Date: 03/23/2003 at 15:24:36
From: John
Subject: Discrete Maths, specifically, relations

On a set of n elements, how many relations are there that are

- reflexive and antisymmetric?
- irreflexive and symmetric?

First, I'm having trouble understanding what relation is. When you say 
relation do you just mean a relationship between a and b? e.g. (a,b) 
belong to R and so do (e,f). Are (a,b) and (e,f) two relations or the 
same one (since they both belong to R)?

Date: 03/24/2003 at 04:48:21
From: Doctor Jacques
Subject: Re: Discrete Maths, specifically, relations

Hi John,

A relation on a set A is just a set of pairs of elements of A, i.e. 
expressions (x,y) where x and y are elements of A (possibly the same). 
Note that we consider ordered pairs - (x,y) is not the same as (y,x).

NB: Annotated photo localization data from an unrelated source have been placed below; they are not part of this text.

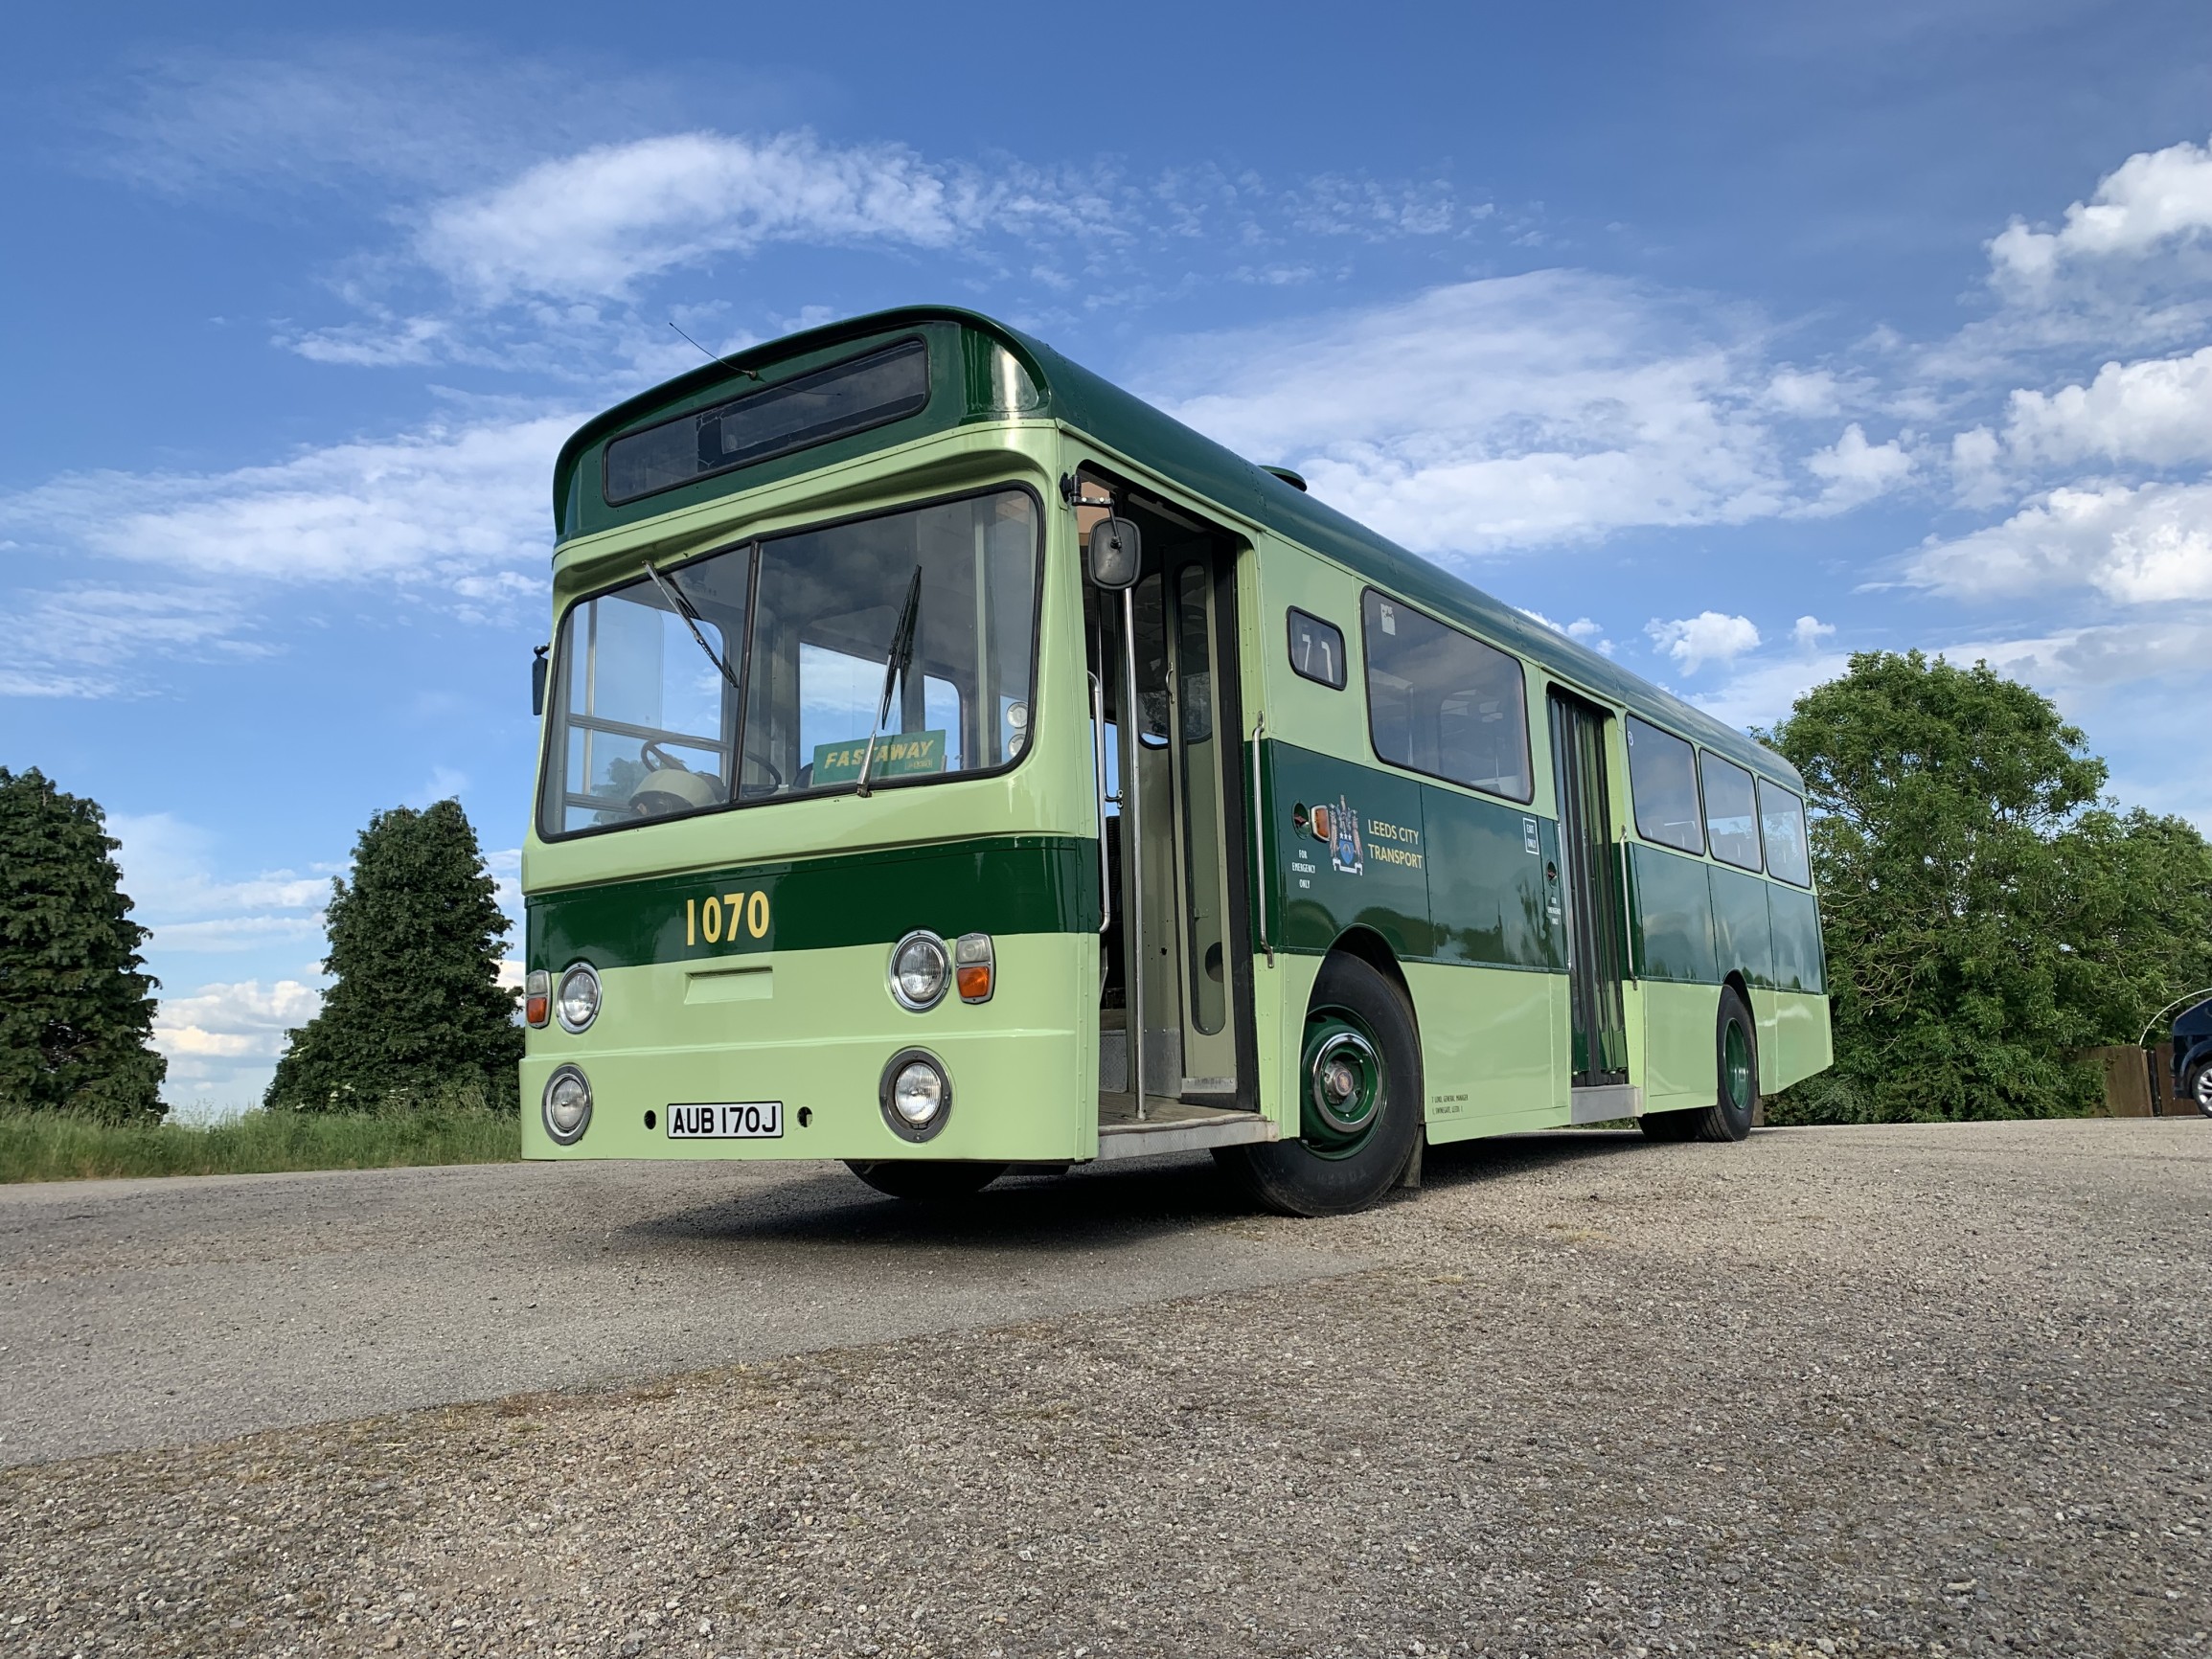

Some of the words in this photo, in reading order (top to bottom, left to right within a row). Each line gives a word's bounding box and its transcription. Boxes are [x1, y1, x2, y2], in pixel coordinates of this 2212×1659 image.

[824, 739, 934, 769] FASAWAY
[1367, 819, 1398, 840] LEEDS
[1399, 827, 1419, 845] CITY
[1298, 849, 1308, 859] FOR
[1367, 843, 1423, 869] TRANSPORT
[1291, 862, 1316, 874] EMERGENCY
[1299, 879, 1311, 889] ONLY
[687, 891, 769, 946] 1070
[673, 1107, 714, 1133] AUB
[722, 1106, 776, 1133] 170J

An important point is that you can define relations quite arbitrarily. 
For every possible pair (x,y), you can decide whether or not you 
include it in the relation - a relation has nothing to do with 
properties or "logical relationships." A relation is just a set.

In the case of a finite set A (say of n elements), there is a simple 
interpretation of a relation. We simply draw an n by n table, 
representing all the possible pairs (x,y), and we put a '*' in a cell 
when the corresponding pair belongs to the relation. For example, with 
the set A = {a,b,c}, we could have the following relation:

   | a | b | c |
 a |   | * |   |
 b |   |   |   |
 c | * |   | * |

In this case, the relation contains the pairs (a,b), (c,a), and (c,c).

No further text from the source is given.